19. The method of claim 18, further comprising selecting one or more n-gram groupings having the highest ranks as said plurality of distinct n-grams for characterizing said text segment and utilizing at least one of the principal component vectors associated with one of said reference texts as said reference principal component vector.

20. A method of comparing two textual documents, comprising

for each of at least two textual documents, determining frequency distribution for a plurality of n-grams in at least a segment of said document to generate a frequency histogram of said n-grams,

for each document, applying a principal component transformation to said frequency histogram to obtain a principal component vector, and

comparing at least an attribute of said documents based on a comparison of said principal component vectors.

21. The method of claim 20, further comprising determining an angle between said principal component vectors.

22. The method of claim 21, further comprising comparing authorship of said documents based on said angle.

23. The method of claim 22, further comprising the step of characterizing the documents as having the same author if said angle is less than a predefined value.

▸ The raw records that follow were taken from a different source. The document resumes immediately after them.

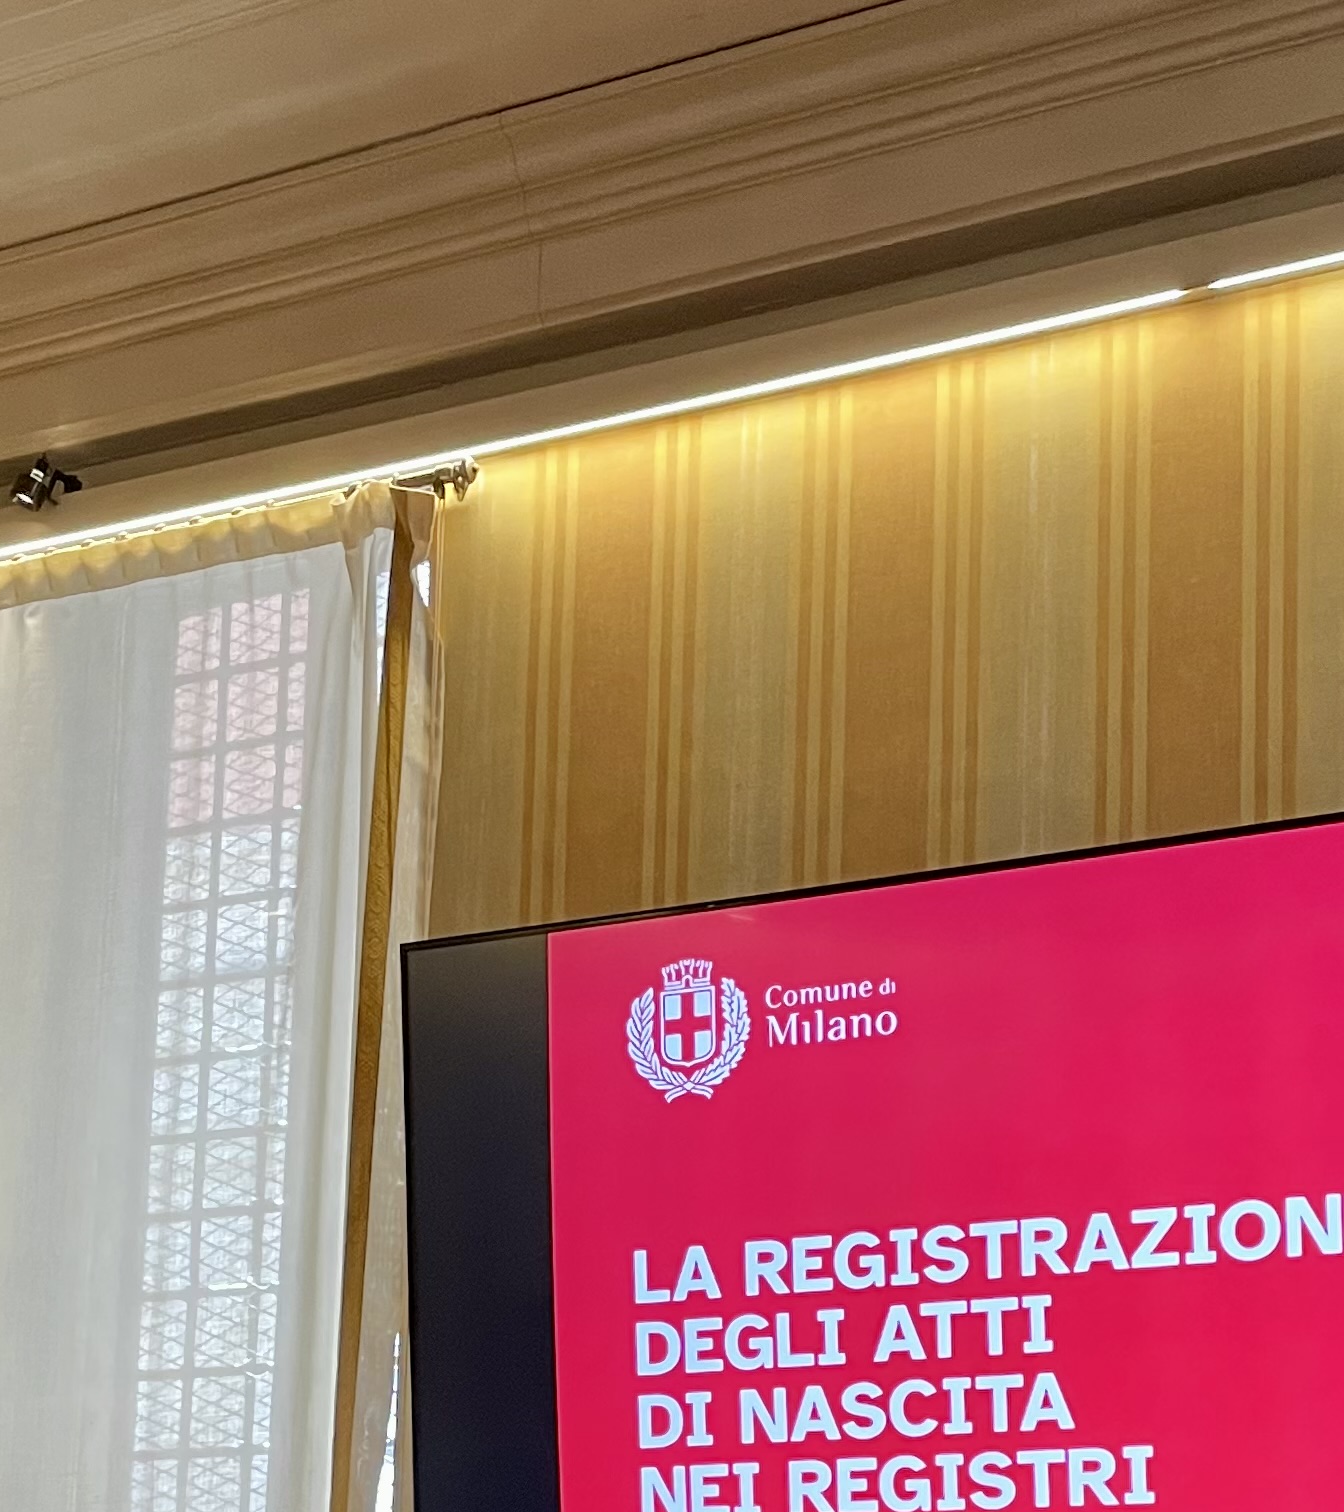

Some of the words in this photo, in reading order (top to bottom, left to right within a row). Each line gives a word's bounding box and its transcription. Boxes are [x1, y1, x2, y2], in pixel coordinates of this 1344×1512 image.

[765, 980, 873, 1009] Comune
[878, 977, 896, 995] di
[765, 1009, 898, 1048] Milano
[633, 1245, 722, 1304] LA
[634, 1308, 846, 1377] DEGLI
[873, 1295, 1054, 1363] ATTI
[637, 1391, 714, 1449] DI
[739, 1373, 1076, 1444] NASCITA
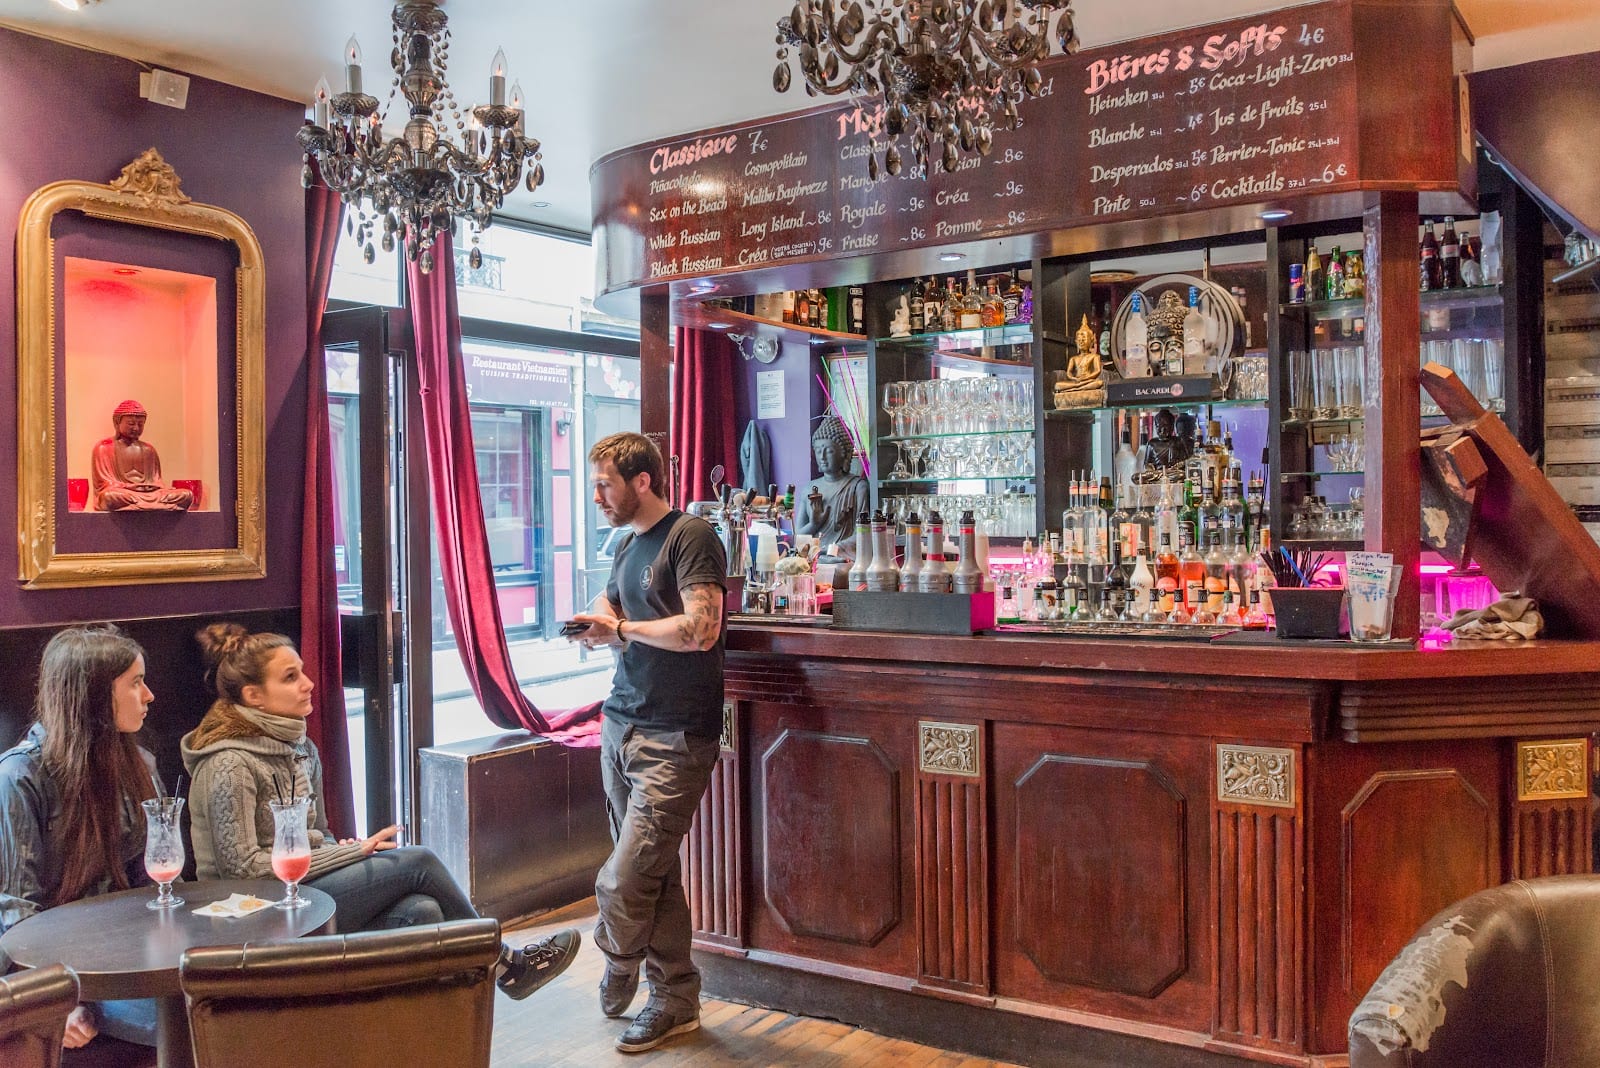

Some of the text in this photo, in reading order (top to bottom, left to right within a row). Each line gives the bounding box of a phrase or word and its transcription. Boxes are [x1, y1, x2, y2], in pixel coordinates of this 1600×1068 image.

[1200, 24, 1287, 71] Softs
[1299, 24, 1324, 46] 4€
[1089, 87, 1149, 115] Heineken
[1209, 107, 1235, 135] Jus
[1240, 104, 1257, 123] de
[1257, 95, 1305, 131] fruits
[748, 130, 769, 154] 7€
[1087, 122, 1145, 148] Blanche
[934, 156, 981, 175] Psion
[1090, 154, 1174, 187] Desperados
[935, 188, 970, 206] Créa
[1211, 170, 1286, 200] Cocktails
[649, 196, 728, 222] Sex on the Beach
[840, 199, 888, 229] Royale
[1093, 193, 1131, 216] Pinte
[740, 220, 767, 242] Long
[770, 210, 806, 233] Island
[935, 218, 983, 238] Pomme
[649, 228, 721, 251] White Russian
[840, 233, 879, 250] Fraise
[649, 255, 722, 279] Black Russian
[738, 246, 769, 266] Créa
[472, 356, 567, 376] Restaurant Vietnamien
[1135, 386, 1171, 396] BACARDI

24. The method of claim 21, further comprising comparing language of said documents based on said angle.

25. A method of selecting a plurality of n-grams for processing a text, comprising

for each n-gram grouping, performing a principal component transformation on the frequency distributions of that grouping for said texts so as to generate a plurality of principal component vectors for said texts,

for each n-gram grouping, determining value of a metric based on angles between the principal component vectors associated with one of said reference texts relative to the principal component vectors associated with the other text,

26. The method of claim 25, wherein said metric comprises a minimum angle between the principal component vectors of said two texts.

27. The method of claim 25, further comprising assigning a higher rank to an n-gram grouping having a larger minimum angle.

28. The method of claim 27, further comprising selecting one or more n-gram groupings having the highest ranks for processing the text.

29. A system for processing textual data, comprising

a module for determining for each of a plurality of n-gram groupings occurrence frequency distribution corresponding to n-gram members of said grouping for at least two reference texts, wherein one text exhibits an attribute of interest and the other lacks said attribute,

an analysis module receiving said frequency distribution and applying a principal component transformation to said distribution so as to generate a plurality of principal component vectors corresponding to said reference texts for each n-gram grouping,

said analysis module determining for each n-gram grouping a minimum angle between the principal component vectors of said texts corresponding to that grouping,

wherein said analysis module rank orders said n-gram groupings based on the minimal angles corresponding thereto.

30. The system of claim 29, wherein said analysis module is configured to assign a for any two n-gram groupings a higher rank to the grouping having a greater minimum angle.